School of Life Sciences, Peking University, Beijing, China.
Genome Biol. 2023 Jul 17;24(1):169. doi: 10.1186/s13059-023-03005-9.
Neoantigens are critical for anti-tumor immunity and have been long-envisioned as promising therapeutic targets. However, current neoantigen analyses mostly focus on single nucleotide variations (SNVs) and indel mutations and seldom consider structural variations (SVs) that are also prevalent in cancer.
Here, we develop a computational method termed NeoSV, which incorporates SV annotation, protein fragmentation, and MHC binding prediction together, to predict SV-derived neoantigens. Analysis of 2528 whole genomes reveals that SVs significantly contribute to the neoantigen repertoire in both quantity and quality. Whereas most neoantigens are patient-specific, shared neoantigens are identified with high occurrence rates in breast, ovarian, and gastrointestinal cancers. We observe extensive immunoediting on SV-derived neoantigens, especially on clonal events, which suggests their immunogenic potential.
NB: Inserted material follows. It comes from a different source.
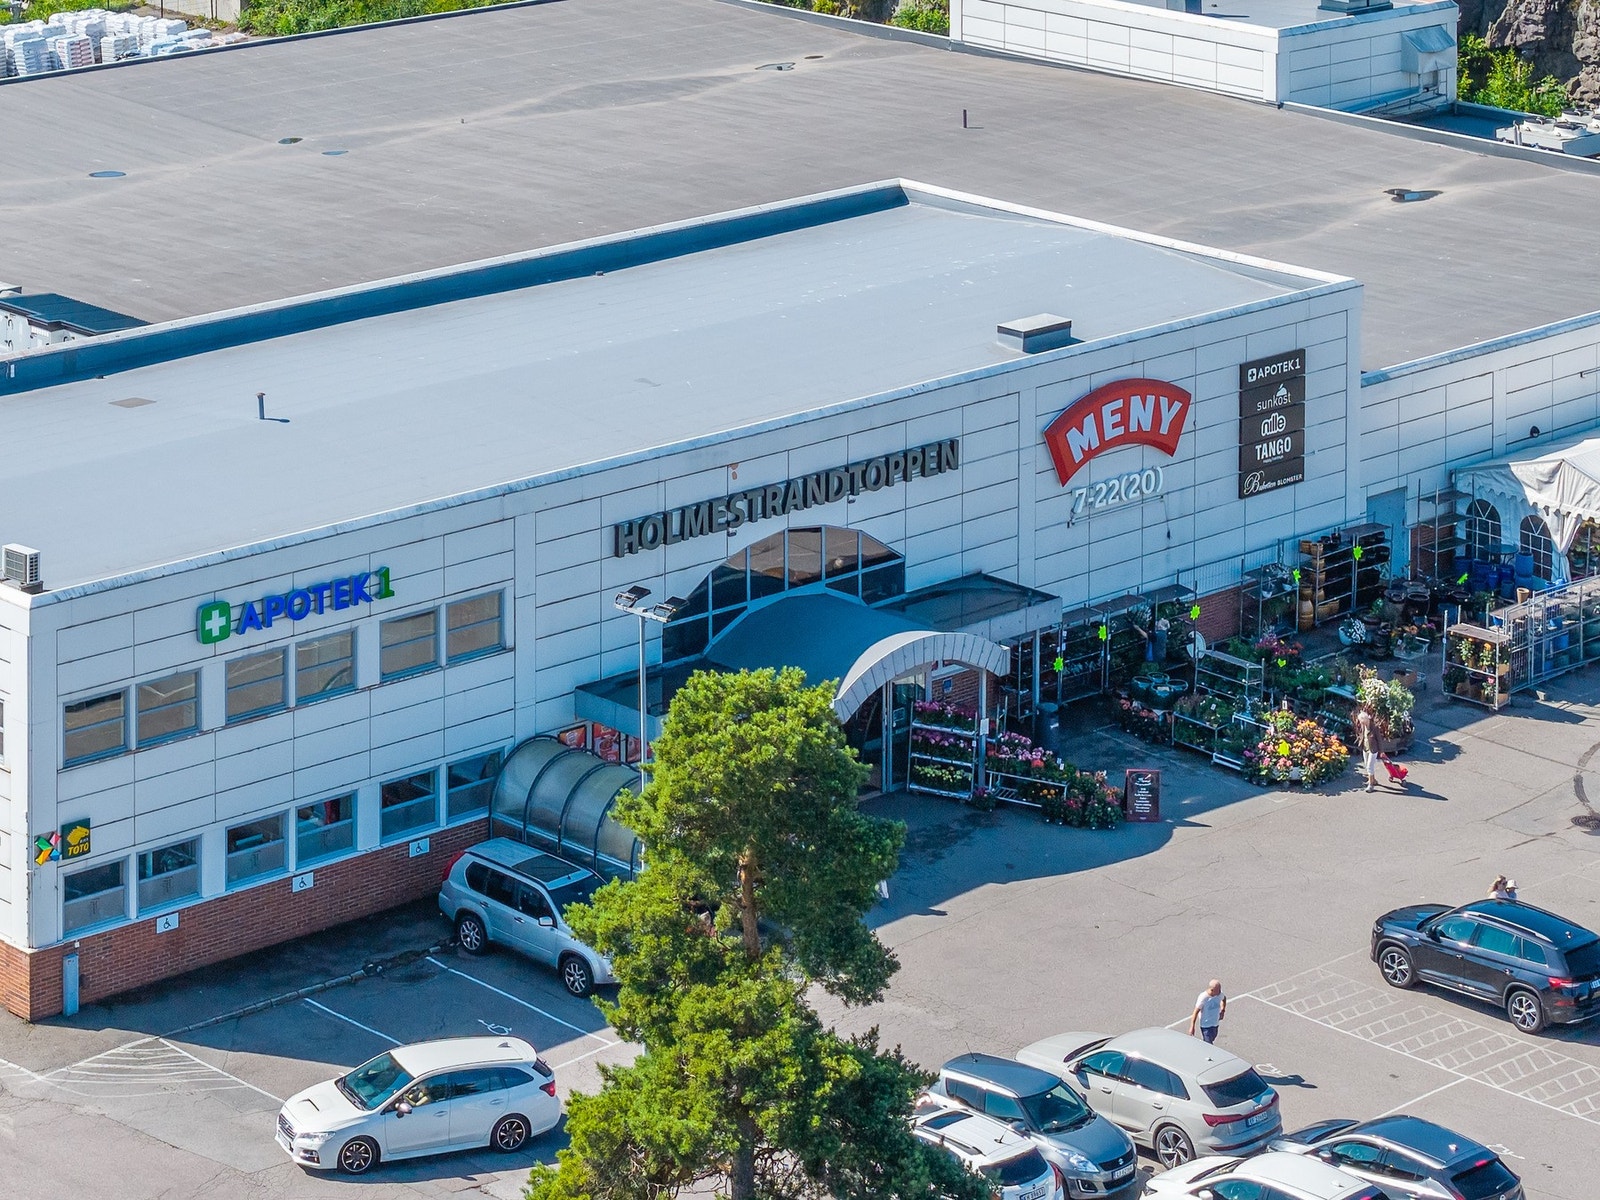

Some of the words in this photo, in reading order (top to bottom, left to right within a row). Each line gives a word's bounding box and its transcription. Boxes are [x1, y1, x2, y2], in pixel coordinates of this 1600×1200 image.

We also demonstrate that genomic alteration-related neoantigen burden, which integrates SV-derived neoantigens, depicts the tumor-immune interplay better than tumor neoantigen burden and may improve patient selection for immunotherapy.
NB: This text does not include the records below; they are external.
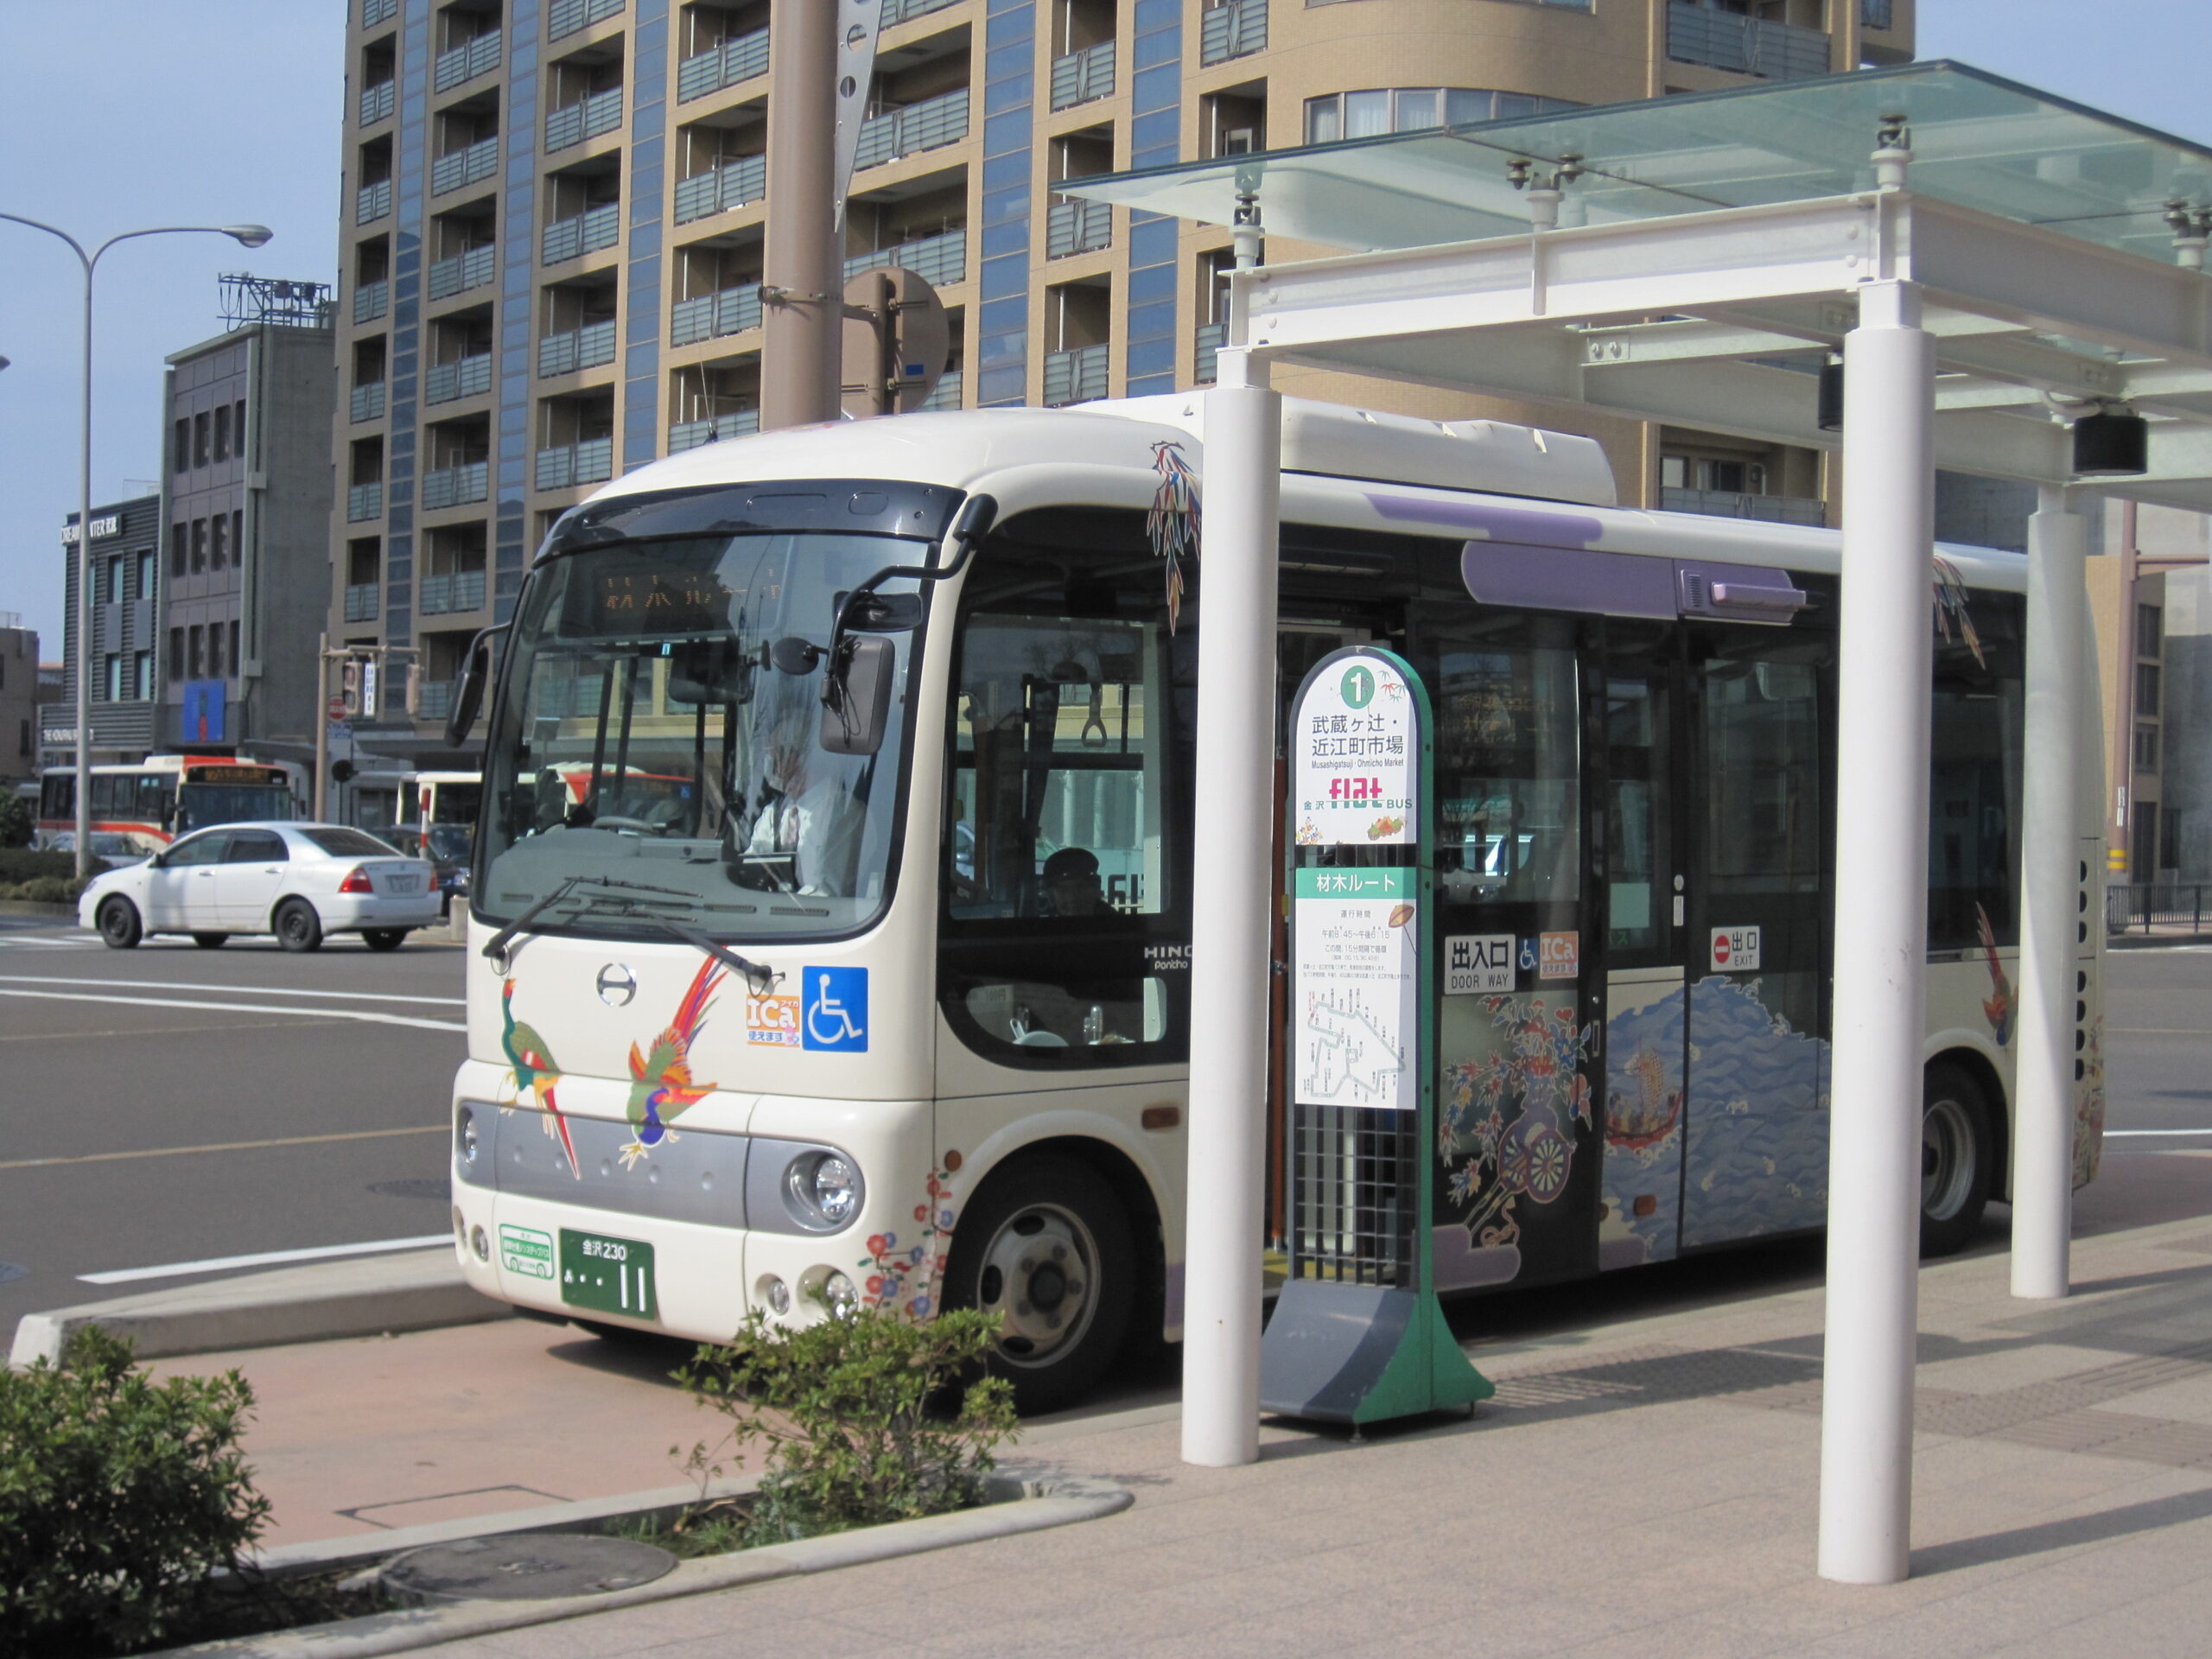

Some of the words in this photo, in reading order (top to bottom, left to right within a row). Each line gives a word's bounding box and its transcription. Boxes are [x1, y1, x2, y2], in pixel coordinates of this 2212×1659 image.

[1350, 671, 1363, 702] 1
[1313, 735, 1403, 756] 近江町市場
[1384, 759, 1404, 767] Market
[1304, 800, 1325, 810] 金沢
[1386, 798, 1413, 810] BUS
[1316, 874, 1395, 892] 材木ルート
[1541, 938, 1573, 961] ICa
[1732, 931, 1757, 951] 出口
[1452, 940, 1509, 970] 出入口
[1734, 955, 1753, 967] EXIT
[1452, 975, 1480, 988] DOOR
[1488, 974, 1509, 988] WAY
[747, 998, 796, 1029] ICa
Our study fills the gap in the current neoantigen repertoire and provides a valuable resource for cancer vaccine development.
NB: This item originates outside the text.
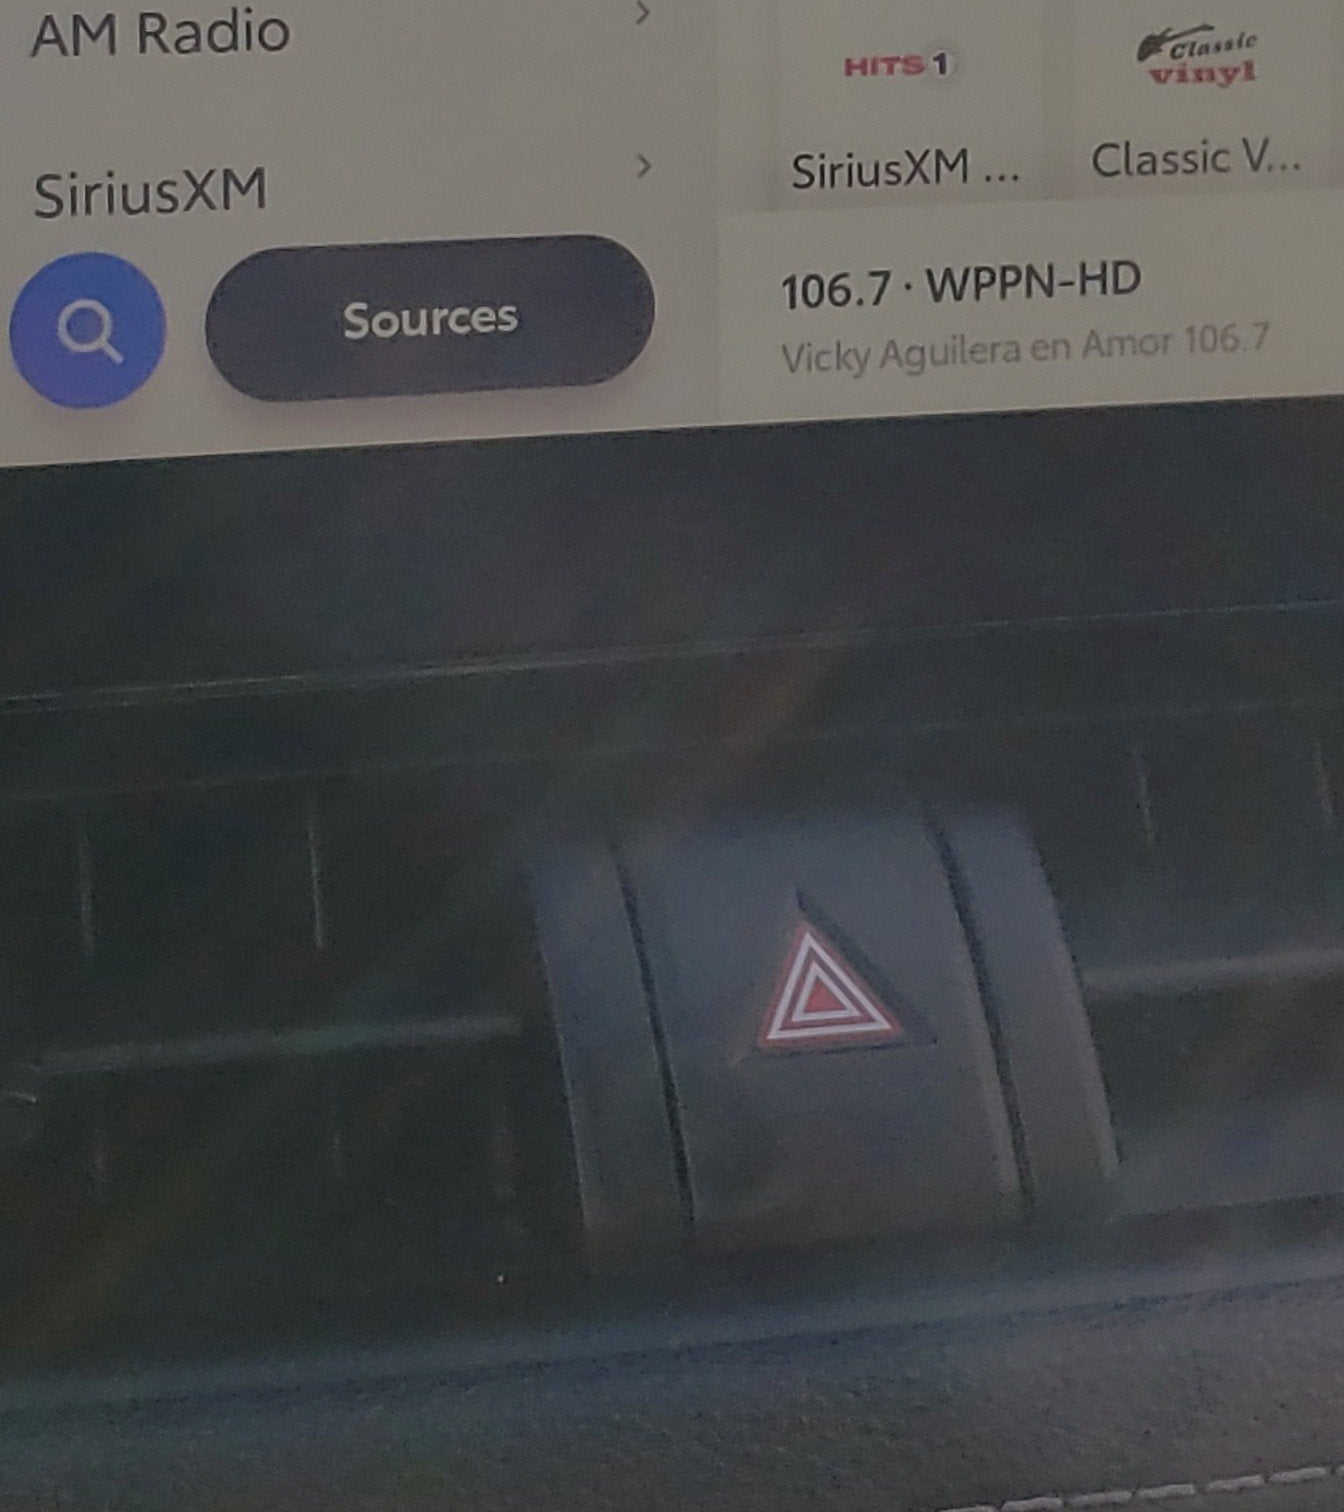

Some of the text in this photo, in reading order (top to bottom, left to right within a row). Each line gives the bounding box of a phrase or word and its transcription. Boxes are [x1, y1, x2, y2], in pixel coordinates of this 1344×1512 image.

新抗原对于抗肿瘤免疫至关重要,一直被视为很有前途的治疗靶点。然而,目前的新抗原分析主要集中在单核苷酸变异(SNVs)和插入缺失突变上,很少考虑在癌症中也普遍存在的结构变异(SVs)。
在这里,我们开发了一种称为 NeoSV 的计算方法,它将 SV 注释、蛋白质片段化和 MHC 结合预测结合在一起,以预测 SV 衍生的新抗原。对 2528 个全基因组的分析表明,SVs 在数量和质量上都显著增加了新抗原库。虽然大多数新抗原是患者特异性的,但在乳腺癌、卵巢癌和胃肠道癌中,也发现了具有高发生率的共享新抗原。我们观察到 SV 衍生的新抗原上存在广泛的免疫编辑,特别是在克隆事件上,这表明它们具有免疫原性。我们还证明,整合了 SV 衍生的新抗原的基因组改变相关的新抗原负担比肿瘤新抗原负担更好地描述了肿瘤-免疫相互作用,并且可能改善免疫治疗的患者选择。
我们的研究填补了当前新抗原库的空白,为癌症疫苗的开发提供了有价值的资源。